** Opening Records provided block **

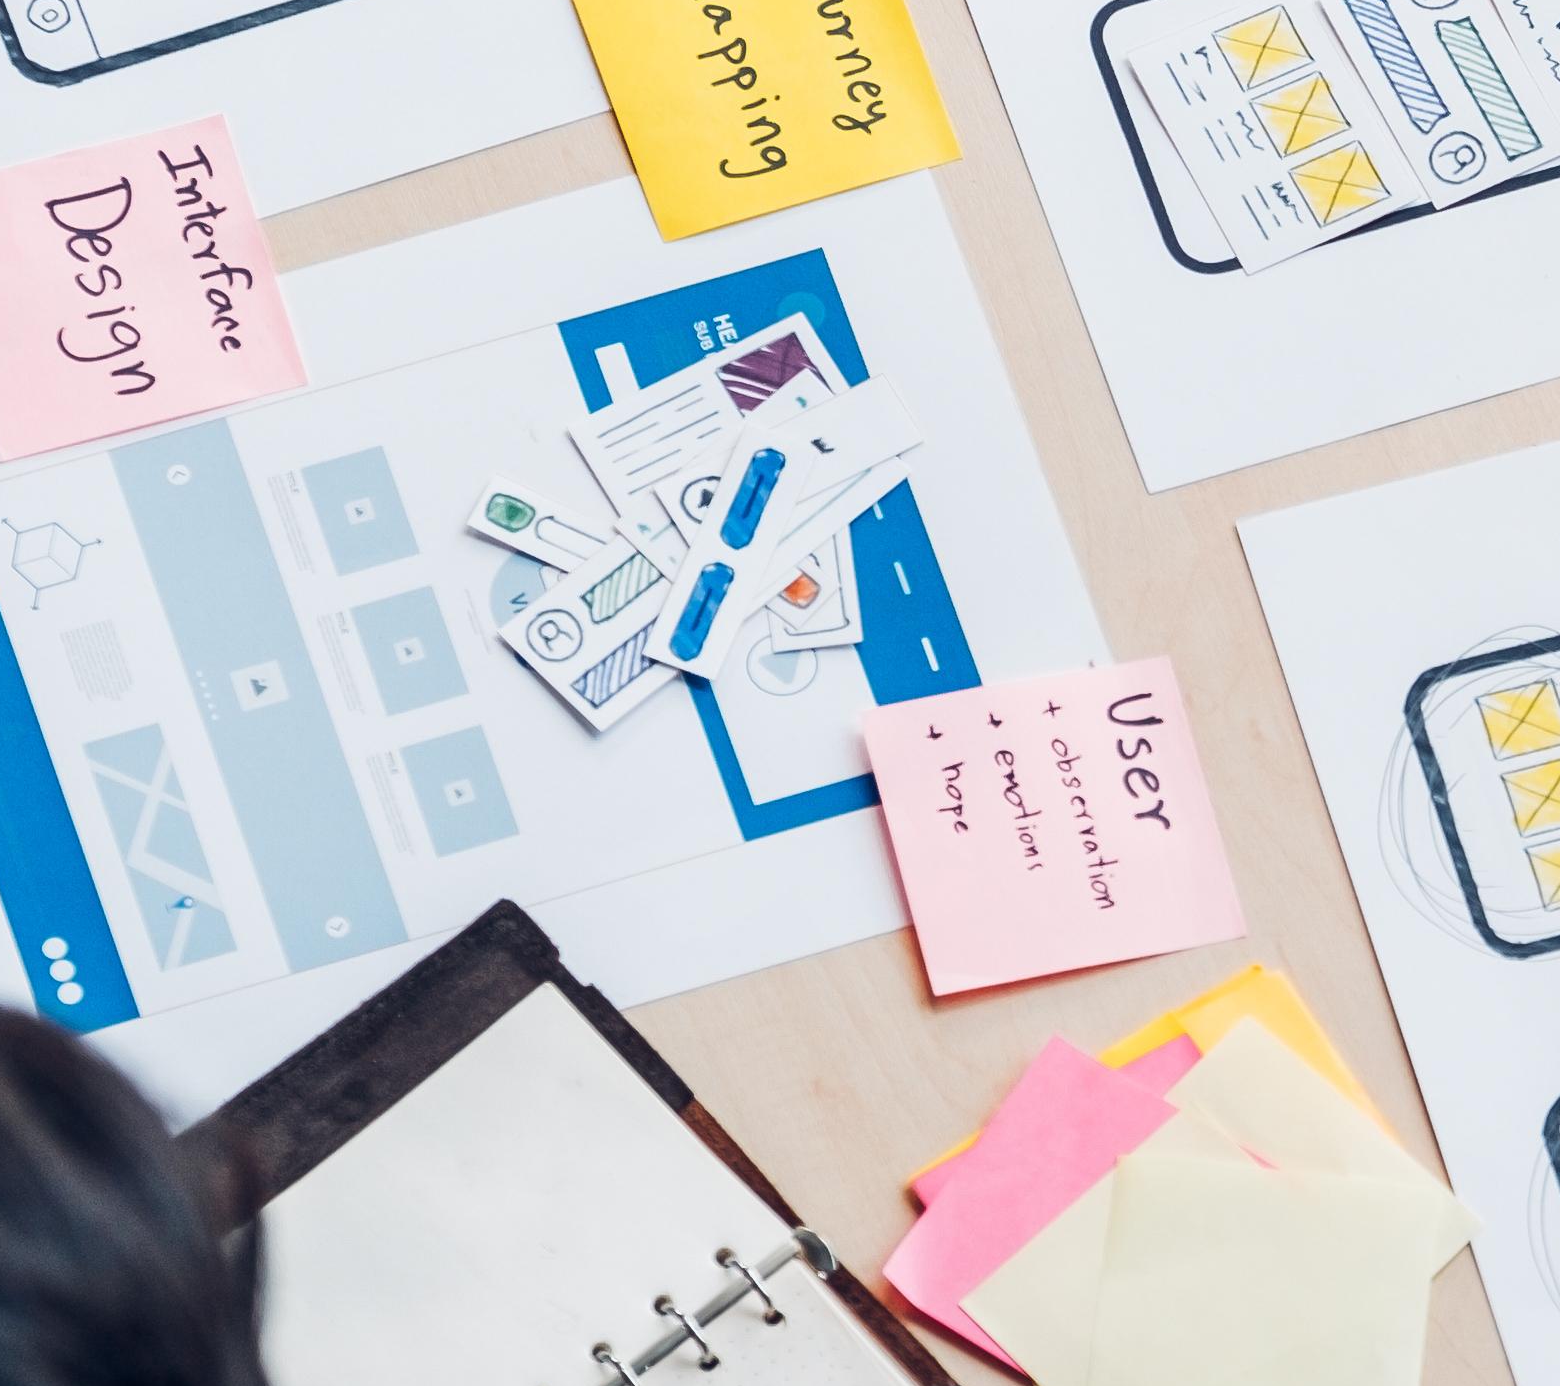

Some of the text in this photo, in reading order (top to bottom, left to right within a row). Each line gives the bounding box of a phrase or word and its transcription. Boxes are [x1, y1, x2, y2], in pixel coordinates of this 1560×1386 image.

[44, 176, 156, 395] Design
[157, 144, 254, 352] Interface
[937, 761, 969, 833] hope
[994, 750, 1043, 870] emotions
[1051, 738, 1119, 910] observation
[1107, 693, 1170, 831] User

** Closing Records provided block **

* Problem to solve: Repeat each entry exactly. Pictures do not belong in the copy.

* Result for this exercise:
Some of the text in this photo, in reading order (top to bottom, left to right within a row). Each line gives the bounding box of a phrase or word and its transcription. Boxes are [x1, y1, x2, y2], in pixel coordinates of this 1560×1386 image.

[44, 176, 156, 395] Design
[157, 144, 254, 352] Interface
[937, 761, 969, 833] hope
[994, 750, 1043, 870] emotions
[1051, 738, 1119, 910] observation
[1107, 693, 1170, 831] User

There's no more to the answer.